# [TO DO]
A faithful copy of each entry below is expected, with the images removed.

# [DATASET EXTRACT]
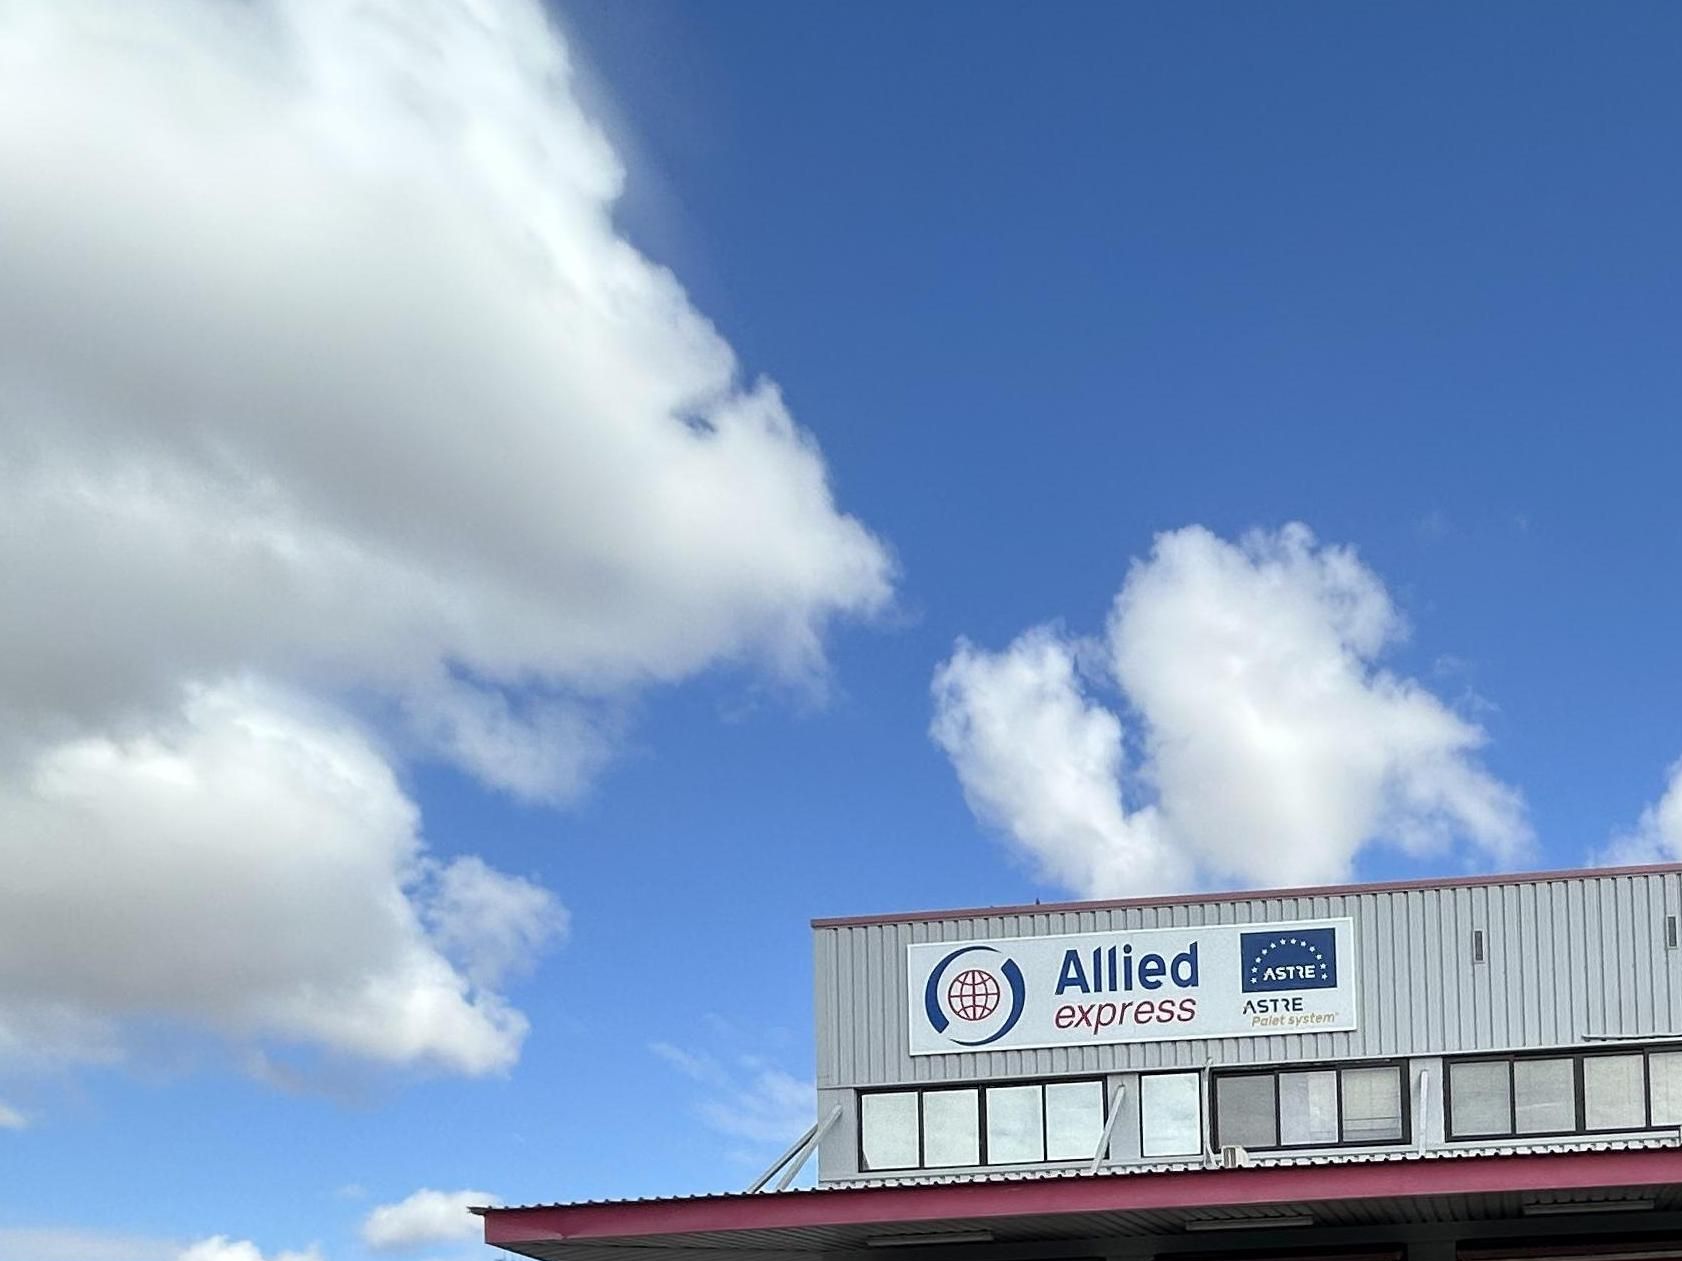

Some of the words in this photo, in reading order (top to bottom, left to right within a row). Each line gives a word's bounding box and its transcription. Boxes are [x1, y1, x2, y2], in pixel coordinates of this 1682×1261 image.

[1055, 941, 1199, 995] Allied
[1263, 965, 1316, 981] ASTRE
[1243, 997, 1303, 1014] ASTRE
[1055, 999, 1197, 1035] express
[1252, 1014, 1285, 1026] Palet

# [SOLVED EXERCISE]
Some of the words in this photo, in reading order (top to bottom, left to right within a row). Each line gives a word's bounding box and its transcription. Boxes are [x1, y1, x2, y2], in pixel coordinates of this 1682×1261 image.

[1055, 941, 1199, 995] Allied
[1263, 965, 1316, 981] ASTRE
[1243, 997, 1303, 1014] ASTRE
[1055, 999, 1197, 1035] express
[1252, 1014, 1285, 1026] Palet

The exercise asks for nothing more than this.